* WHAT YOU SHOULD DO *
Please reproduce every record, keeping each one exactly as written.

(Stored data entries)
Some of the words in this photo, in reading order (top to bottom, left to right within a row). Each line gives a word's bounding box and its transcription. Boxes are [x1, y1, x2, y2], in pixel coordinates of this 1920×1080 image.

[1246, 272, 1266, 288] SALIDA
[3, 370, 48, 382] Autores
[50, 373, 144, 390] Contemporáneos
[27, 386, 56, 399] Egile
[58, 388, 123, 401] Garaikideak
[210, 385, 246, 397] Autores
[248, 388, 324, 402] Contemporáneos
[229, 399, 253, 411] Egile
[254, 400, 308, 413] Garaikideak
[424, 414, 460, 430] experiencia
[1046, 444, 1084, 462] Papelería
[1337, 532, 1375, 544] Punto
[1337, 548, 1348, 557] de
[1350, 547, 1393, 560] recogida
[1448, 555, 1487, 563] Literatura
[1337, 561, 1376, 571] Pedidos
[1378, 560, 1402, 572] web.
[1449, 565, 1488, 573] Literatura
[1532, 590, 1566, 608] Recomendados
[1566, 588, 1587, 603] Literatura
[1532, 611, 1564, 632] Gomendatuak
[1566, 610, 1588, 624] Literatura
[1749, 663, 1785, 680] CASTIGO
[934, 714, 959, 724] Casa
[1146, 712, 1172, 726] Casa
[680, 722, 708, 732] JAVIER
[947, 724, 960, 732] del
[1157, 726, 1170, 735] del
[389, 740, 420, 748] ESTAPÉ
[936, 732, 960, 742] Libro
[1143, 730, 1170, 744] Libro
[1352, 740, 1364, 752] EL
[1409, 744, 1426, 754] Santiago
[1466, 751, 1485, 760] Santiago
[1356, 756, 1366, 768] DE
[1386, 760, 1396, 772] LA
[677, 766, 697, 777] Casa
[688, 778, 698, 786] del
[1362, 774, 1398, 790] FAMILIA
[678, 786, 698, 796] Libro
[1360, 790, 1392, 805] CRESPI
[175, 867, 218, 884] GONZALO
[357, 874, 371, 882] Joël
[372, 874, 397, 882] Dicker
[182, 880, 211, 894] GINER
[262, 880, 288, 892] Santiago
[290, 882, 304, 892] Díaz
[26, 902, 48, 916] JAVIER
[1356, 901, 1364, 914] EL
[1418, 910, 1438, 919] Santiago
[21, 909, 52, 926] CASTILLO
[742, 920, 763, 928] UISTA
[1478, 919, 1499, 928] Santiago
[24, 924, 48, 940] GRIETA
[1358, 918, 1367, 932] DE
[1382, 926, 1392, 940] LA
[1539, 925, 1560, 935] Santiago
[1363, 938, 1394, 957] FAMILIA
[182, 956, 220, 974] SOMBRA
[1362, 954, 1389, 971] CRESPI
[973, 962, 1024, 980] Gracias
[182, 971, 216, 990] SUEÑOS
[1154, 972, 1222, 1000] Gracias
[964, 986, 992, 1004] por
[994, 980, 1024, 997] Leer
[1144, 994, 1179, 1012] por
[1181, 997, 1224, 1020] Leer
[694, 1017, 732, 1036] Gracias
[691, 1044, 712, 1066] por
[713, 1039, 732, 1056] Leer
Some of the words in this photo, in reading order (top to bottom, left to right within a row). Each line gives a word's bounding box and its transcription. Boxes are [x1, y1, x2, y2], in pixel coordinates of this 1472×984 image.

* TASK RESPONSE *
Some of the words in this photo, in reading order (top to bottom, left to right within a row). Each line gives a word's bounding box and its transcription. Boxes are [x1, y1, x2, y2], in pixel coordinates of this 1920×1080 image.

[1246, 272, 1266, 288] SALIDA
[3, 370, 48, 382] Autores
[50, 373, 144, 390] Contemporáneos
[27, 386, 56, 399] Egile
[58, 388, 123, 401] Garaikideak
[210, 385, 246, 397] Autores
[248, 388, 324, 402] Contemporáneos
[229, 399, 253, 411] Egile
[254, 400, 308, 413] Garaikideak
[424, 414, 460, 430] experiencia
[1046, 444, 1084, 462] Papelería
[1337, 532, 1375, 544] Punto
[1337, 548, 1348, 557] de
[1350, 547, 1393, 560] recogida
[1448, 555, 1487, 563] Literatura
[1337, 561, 1376, 571] Pedidos
[1378, 560, 1402, 572] web.
[1449, 565, 1488, 573] Literatura
[1532, 590, 1566, 608] Recomendados
[1566, 588, 1587, 603] Literatura
[1532, 611, 1564, 632] Gomendatuak
[1566, 610, 1588, 624] Literatura
[1749, 663, 1785, 680] CASTIGO
[934, 714, 959, 724] Casa
[1146, 712, 1172, 726] Casa
[680, 722, 708, 732] JAVIER
[947, 724, 960, 732] del
[1157, 726, 1170, 735] del
[389, 740, 420, 748] ESTAPÉ
[936, 732, 960, 742] Libro
[1143, 730, 1170, 744] Libro
[1352, 740, 1364, 752] EL
[1409, 744, 1426, 754] Santiago
[1466, 751, 1485, 760] Santiago
[1356, 756, 1366, 768] DE
[1386, 760, 1396, 772] LA
[677, 766, 697, 777] Casa
[688, 778, 698, 786] del
[1362, 774, 1398, 790] FAMILIA
[678, 786, 698, 796] Libro
[1360, 790, 1392, 805] CRESPI
[175, 867, 218, 884] GONZALO
[357, 874, 371, 882] Joël
[372, 874, 397, 882] Dicker
[182, 880, 211, 894] GINER
[262, 880, 288, 892] Santiago
[290, 882, 304, 892] Díaz
[26, 902, 48, 916] JAVIER
[1356, 901, 1364, 914] EL
[1418, 910, 1438, 919] Santiago
[21, 909, 52, 926] CASTILLO
[742, 920, 763, 928] UISTA
[1478, 919, 1499, 928] Santiago
[24, 924, 48, 940] GRIETA
[1358, 918, 1367, 932] DE
[1382, 926, 1392, 940] LA
[1539, 925, 1560, 935] Santiago
[1363, 938, 1394, 957] FAMILIA
[182, 956, 220, 974] SOMBRA
[1362, 954, 1389, 971] CRESPI
[973, 962, 1024, 980] Gracias
[182, 971, 216, 990] SUEÑOS
[1154, 972, 1222, 1000] Gracias
[964, 986, 992, 1004] por
[994, 980, 1024, 997] Leer
[1144, 994, 1179, 1012] por
[1181, 997, 1224, 1020] Leer
[694, 1017, 732, 1036] Gracias
[691, 1044, 712, 1066] por
[713, 1039, 732, 1056] Leer
Some of the words in this photo, in reading order (top to bottom, left to right within a row). Each line gives a word's bounding box and its transcription. Boxes are [x1, y1, x2, y2], in pixel coordinates of this 1472×984 image.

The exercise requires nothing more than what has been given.